WHAT YOU HAVE TO DO:
Exact reproduction of every entry is required.

INFORMATION GIVEN:
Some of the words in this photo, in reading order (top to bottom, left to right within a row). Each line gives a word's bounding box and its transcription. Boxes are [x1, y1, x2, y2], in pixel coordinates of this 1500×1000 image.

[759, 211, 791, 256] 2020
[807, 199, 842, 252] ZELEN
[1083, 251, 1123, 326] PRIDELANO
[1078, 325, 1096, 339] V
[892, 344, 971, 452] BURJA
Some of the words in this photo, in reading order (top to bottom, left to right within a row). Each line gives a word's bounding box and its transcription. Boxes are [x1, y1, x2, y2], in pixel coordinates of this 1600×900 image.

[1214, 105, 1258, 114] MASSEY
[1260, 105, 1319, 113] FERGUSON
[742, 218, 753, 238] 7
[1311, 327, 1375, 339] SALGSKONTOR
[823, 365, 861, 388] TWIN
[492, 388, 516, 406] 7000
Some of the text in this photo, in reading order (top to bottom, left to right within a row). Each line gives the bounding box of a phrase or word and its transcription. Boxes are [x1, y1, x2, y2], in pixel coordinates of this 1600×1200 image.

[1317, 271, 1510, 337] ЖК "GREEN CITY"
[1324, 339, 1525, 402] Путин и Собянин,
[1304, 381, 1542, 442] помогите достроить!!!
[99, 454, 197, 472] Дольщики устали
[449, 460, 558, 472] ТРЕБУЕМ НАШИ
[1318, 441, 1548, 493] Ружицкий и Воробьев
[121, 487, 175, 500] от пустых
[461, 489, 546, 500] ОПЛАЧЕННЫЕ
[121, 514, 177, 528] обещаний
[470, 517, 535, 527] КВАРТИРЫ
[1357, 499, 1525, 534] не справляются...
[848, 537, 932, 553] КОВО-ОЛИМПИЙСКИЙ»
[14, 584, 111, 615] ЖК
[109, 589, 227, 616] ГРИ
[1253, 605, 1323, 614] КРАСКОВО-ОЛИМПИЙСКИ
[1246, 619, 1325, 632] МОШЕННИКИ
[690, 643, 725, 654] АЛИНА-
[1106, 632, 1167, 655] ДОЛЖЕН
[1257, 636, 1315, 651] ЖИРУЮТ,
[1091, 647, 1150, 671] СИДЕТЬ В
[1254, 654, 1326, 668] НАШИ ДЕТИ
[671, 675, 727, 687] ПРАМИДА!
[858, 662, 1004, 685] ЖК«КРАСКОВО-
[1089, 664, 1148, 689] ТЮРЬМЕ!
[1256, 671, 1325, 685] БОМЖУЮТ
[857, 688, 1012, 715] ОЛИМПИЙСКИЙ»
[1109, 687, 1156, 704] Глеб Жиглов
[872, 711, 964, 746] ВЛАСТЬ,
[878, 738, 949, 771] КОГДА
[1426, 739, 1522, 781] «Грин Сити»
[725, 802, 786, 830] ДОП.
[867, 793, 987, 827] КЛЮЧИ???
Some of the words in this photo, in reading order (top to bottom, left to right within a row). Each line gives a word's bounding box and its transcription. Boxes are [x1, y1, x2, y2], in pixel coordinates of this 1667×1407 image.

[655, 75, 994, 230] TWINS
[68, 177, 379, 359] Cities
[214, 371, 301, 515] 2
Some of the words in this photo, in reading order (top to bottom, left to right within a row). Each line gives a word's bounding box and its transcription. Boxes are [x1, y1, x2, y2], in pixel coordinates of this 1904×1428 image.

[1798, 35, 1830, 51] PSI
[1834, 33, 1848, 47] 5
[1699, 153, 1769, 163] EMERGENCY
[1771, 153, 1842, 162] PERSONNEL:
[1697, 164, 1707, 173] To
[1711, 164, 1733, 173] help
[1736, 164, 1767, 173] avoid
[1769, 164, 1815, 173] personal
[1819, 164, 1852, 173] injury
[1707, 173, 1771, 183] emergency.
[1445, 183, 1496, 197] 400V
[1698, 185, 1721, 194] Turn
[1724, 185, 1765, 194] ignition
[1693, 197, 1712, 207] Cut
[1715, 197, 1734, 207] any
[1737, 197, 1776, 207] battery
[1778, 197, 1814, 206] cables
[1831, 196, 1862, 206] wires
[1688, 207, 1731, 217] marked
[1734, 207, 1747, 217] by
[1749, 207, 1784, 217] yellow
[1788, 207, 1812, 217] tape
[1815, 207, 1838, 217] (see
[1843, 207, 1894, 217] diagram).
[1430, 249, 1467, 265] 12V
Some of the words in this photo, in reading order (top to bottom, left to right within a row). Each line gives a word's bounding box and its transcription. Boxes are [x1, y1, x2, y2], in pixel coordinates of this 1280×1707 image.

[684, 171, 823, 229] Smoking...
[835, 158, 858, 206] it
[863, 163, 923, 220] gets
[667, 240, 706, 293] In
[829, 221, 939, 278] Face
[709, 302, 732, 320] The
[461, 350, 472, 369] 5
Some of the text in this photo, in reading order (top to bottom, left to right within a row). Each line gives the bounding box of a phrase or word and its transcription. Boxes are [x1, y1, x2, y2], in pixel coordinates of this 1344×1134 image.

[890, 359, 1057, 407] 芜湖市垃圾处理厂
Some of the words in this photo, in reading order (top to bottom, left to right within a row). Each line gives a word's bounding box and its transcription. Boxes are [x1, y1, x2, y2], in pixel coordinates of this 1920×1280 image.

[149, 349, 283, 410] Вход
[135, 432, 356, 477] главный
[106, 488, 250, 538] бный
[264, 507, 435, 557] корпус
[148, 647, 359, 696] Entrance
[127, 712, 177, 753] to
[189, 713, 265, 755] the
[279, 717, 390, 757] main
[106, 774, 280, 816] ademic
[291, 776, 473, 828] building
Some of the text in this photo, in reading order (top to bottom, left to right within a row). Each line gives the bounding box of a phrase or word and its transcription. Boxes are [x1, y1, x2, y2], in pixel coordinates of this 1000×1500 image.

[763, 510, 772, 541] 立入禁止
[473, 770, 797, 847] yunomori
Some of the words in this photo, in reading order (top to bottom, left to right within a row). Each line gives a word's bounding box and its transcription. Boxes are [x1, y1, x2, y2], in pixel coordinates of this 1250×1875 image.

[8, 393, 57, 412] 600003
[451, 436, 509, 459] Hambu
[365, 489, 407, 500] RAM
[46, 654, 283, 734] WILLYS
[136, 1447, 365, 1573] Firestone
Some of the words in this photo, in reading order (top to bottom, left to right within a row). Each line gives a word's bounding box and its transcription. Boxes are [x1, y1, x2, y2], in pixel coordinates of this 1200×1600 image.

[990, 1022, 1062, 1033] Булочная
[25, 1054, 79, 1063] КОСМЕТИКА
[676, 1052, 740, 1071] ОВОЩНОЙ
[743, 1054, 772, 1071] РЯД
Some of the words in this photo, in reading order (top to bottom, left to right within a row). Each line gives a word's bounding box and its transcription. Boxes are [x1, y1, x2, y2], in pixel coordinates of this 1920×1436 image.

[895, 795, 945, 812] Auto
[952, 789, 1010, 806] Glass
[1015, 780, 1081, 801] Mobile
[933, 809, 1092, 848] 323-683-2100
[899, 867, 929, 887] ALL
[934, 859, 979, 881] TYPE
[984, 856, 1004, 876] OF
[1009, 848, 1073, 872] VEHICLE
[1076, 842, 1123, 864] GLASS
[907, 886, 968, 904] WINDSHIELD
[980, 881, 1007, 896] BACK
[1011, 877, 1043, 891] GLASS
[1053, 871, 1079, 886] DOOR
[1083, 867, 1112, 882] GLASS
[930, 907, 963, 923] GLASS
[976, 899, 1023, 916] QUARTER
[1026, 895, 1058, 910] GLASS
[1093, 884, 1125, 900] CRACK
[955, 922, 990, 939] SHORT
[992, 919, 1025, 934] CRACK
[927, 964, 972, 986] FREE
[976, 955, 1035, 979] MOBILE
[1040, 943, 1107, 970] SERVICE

TASK SOLUTION:
Some of the words in this photo, in reading order (top to bottom, left to right within a row). Each line gives a word's bounding box and its transcription. Boxes are [x1, y1, x2, y2], in pixel coordinates of this 1500×1000 image.

[759, 211, 791, 256] 2020
[807, 199, 842, 252] ZELEN
[1083, 251, 1123, 326] PRIDELANO
[1078, 325, 1096, 339] V
[892, 344, 971, 452] BURJA
Some of the words in this photo, in reading order (top to bottom, left to right within a row). Each line gives a word's bounding box and its transcription. Boxes are [x1, y1, x2, y2], in pixel coordinates of this 1600×900 image.

[1214, 105, 1258, 114] MASSEY
[1260, 105, 1319, 113] FERGUSON
[742, 218, 753, 238] 7
[1311, 327, 1375, 339] SALGSKONTOR
[823, 365, 861, 388] TWIN
[492, 388, 516, 406] 7000
Some of the text in this photo, in reading order (top to bottom, left to right within a row). Each line gives the bounding box of a phrase or word and its transcription. Boxes are [x1, y1, x2, y2], in pixel coordinates of this 1600×1200 image.

[1317, 271, 1510, 337] ЖК "GREEN CITY"
[1324, 339, 1525, 402] Путин и Собянин,
[1304, 381, 1542, 442] помогите достроить!!!
[99, 454, 197, 472] Дольщики устали
[449, 460, 558, 472] ТРЕБУЕМ НАШИ
[1318, 441, 1548, 493] Ружицкий и Воробьев
[121, 487, 175, 500] от пустых
[461, 489, 546, 500] ОПЛАЧЕННЫЕ
[121, 514, 177, 528] обещаний
[470, 517, 535, 527] КВАРТИРЫ
[1357, 499, 1525, 534] не справляются...
[848, 537, 932, 553] КОВО-ОЛИМПИЙСКИЙ»
[14, 584, 111, 615] ЖК
[109, 589, 227, 616] ГРИ
[1253, 605, 1323, 614] КРАСКОВО-ОЛИМПИЙСКИ
[1246, 619, 1325, 632] МОШЕННИКИ
[690, 643, 725, 654] АЛИНА-
[1106, 632, 1167, 655] ДОЛЖЕН
[1257, 636, 1315, 651] ЖИРУЮТ,
[1091, 647, 1150, 671] СИДЕТЬ В
[1254, 654, 1326, 668] НАШИ ДЕТИ
[671, 675, 727, 687] ПРАМИДА!
[858, 662, 1004, 685] ЖК«КРАСКОВО-
[1089, 664, 1148, 689] ТЮРЬМЕ!
[1256, 671, 1325, 685] БОМЖУЮТ
[857, 688, 1012, 715] ОЛИМПИЙСКИЙ»
[1109, 687, 1156, 704] Глеб Жиглов
[872, 711, 964, 746] ВЛАСТЬ,
[878, 738, 949, 771] КОГДА
[1426, 739, 1522, 781] «Грин Сити»
[725, 802, 786, 830] ДОП.
[867, 793, 987, 827] КЛЮЧИ???
Some of the words in this photo, in reading order (top to bottom, left to right within a row). Each line gives a word's bounding box and its transcription. Boxes are [x1, y1, x2, y2], in pixel coordinates of this 1667×1407 image.

[655, 75, 994, 230] TWINS
[68, 177, 379, 359] Cities
[214, 371, 301, 515] 2
Some of the words in this photo, in reading order (top to bottom, left to right within a row). Each line gives a word's bounding box and its transcription. Boxes are [x1, y1, x2, y2], in pixel coordinates of this 1904×1428 image.

[1798, 35, 1830, 51] PSI
[1834, 33, 1848, 47] 5
[1699, 153, 1769, 163] EMERGENCY
[1771, 153, 1842, 162] PERSONNEL:
[1697, 164, 1707, 173] To
[1711, 164, 1733, 173] help
[1736, 164, 1767, 173] avoid
[1769, 164, 1815, 173] personal
[1819, 164, 1852, 173] injury
[1707, 173, 1771, 183] emergency.
[1445, 183, 1496, 197] 400V
[1698, 185, 1721, 194] Turn
[1724, 185, 1765, 194] ignition
[1693, 197, 1712, 207] Cut
[1715, 197, 1734, 207] any
[1737, 197, 1776, 207] battery
[1778, 197, 1814, 206] cables
[1831, 196, 1862, 206] wires
[1688, 207, 1731, 217] marked
[1734, 207, 1747, 217] by
[1749, 207, 1784, 217] yellow
[1788, 207, 1812, 217] tape
[1815, 207, 1838, 217] (see
[1843, 207, 1894, 217] diagram).
[1430, 249, 1467, 265] 12V
Some of the words in this photo, in reading order (top to bottom, left to right within a row). Each line gives a word's bounding box and its transcription. Boxes are [x1, y1, x2, y2], in pixel coordinates of this 1280×1707 image.

[684, 171, 823, 229] Smoking...
[835, 158, 858, 206] it
[863, 163, 923, 220] gets
[667, 240, 706, 293] In
[829, 221, 939, 278] Face
[709, 302, 732, 320] The
[461, 350, 472, 369] 5
Some of the text in this photo, in reading order (top to bottom, left to right within a row). Each line gives the bounding box of a phrase or word and its transcription. Boxes are [x1, y1, x2, y2], in pixel coordinates of this 1344×1134 image.

[890, 359, 1057, 407] 芜湖市垃圾处理厂
Some of the words in this photo, in reading order (top to bottom, left to right within a row). Each line gives a word's bounding box and its transcription. Boxes are [x1, y1, x2, y2], in pixel coordinates of this 1920×1280 image.

[149, 349, 283, 410] Вход
[135, 432, 356, 477] главный
[106, 488, 250, 538] бный
[264, 507, 435, 557] корпус
[148, 647, 359, 696] Entrance
[127, 712, 177, 753] to
[189, 713, 265, 755] the
[279, 717, 390, 757] main
[106, 774, 280, 816] ademic
[291, 776, 473, 828] building
Some of the text in this photo, in reading order (top to bottom, left to right within a row). Each line gives the bounding box of a phrase or word and its transcription. Boxes are [x1, y1, x2, y2], in pixel coordinates of this 1000×1500 image.

[763, 510, 772, 541] 立入禁止
[473, 770, 797, 847] yunomori
Some of the words in this photo, in reading order (top to bottom, left to right within a row). Each line gives a word's bounding box and its transcription. Boxes are [x1, y1, x2, y2], in pixel coordinates of this 1250×1875 image.

[8, 393, 57, 412] 600003
[451, 436, 509, 459] Hambu
[365, 489, 407, 500] RAM
[46, 654, 283, 734] WILLYS
[136, 1447, 365, 1573] Firestone
Some of the words in this photo, in reading order (top to bottom, left to right within a row). Each line gives a word's bounding box and its transcription. Boxes are [x1, y1, x2, y2], in pixel coordinates of this 1200×1600 image.

[990, 1022, 1062, 1033] Булочная
[25, 1054, 79, 1063] КОСМЕТИКА
[676, 1052, 740, 1071] ОВОЩНОЙ
[743, 1054, 772, 1071] РЯД
Some of the words in this photo, in reading order (top to bottom, left to right within a row). Each line gives a word's bounding box and its transcription. Boxes are [x1, y1, x2, y2], in pixel coordinates of this 1920×1436 image.

[895, 795, 945, 812] Auto
[952, 789, 1010, 806] Glass
[1015, 780, 1081, 801] Mobile
[933, 809, 1092, 848] 323-683-2100
[899, 867, 929, 887] ALL
[934, 859, 979, 881] TYPE
[984, 856, 1004, 876] OF
[1009, 848, 1073, 872] VEHICLE
[1076, 842, 1123, 864] GLASS
[907, 886, 968, 904] WINDSHIELD
[980, 881, 1007, 896] BACK
[1011, 877, 1043, 891] GLASS
[1053, 871, 1079, 886] DOOR
[1083, 867, 1112, 882] GLASS
[930, 907, 963, 923] GLASS
[976, 899, 1023, 916] QUARTER
[1026, 895, 1058, 910] GLASS
[1093, 884, 1125, 900] CRACK
[955, 922, 990, 939] SHORT
[992, 919, 1025, 934] CRACK
[927, 964, 972, 986] FREE
[976, 955, 1035, 979] MOBILE
[1040, 943, 1107, 970] SERVICE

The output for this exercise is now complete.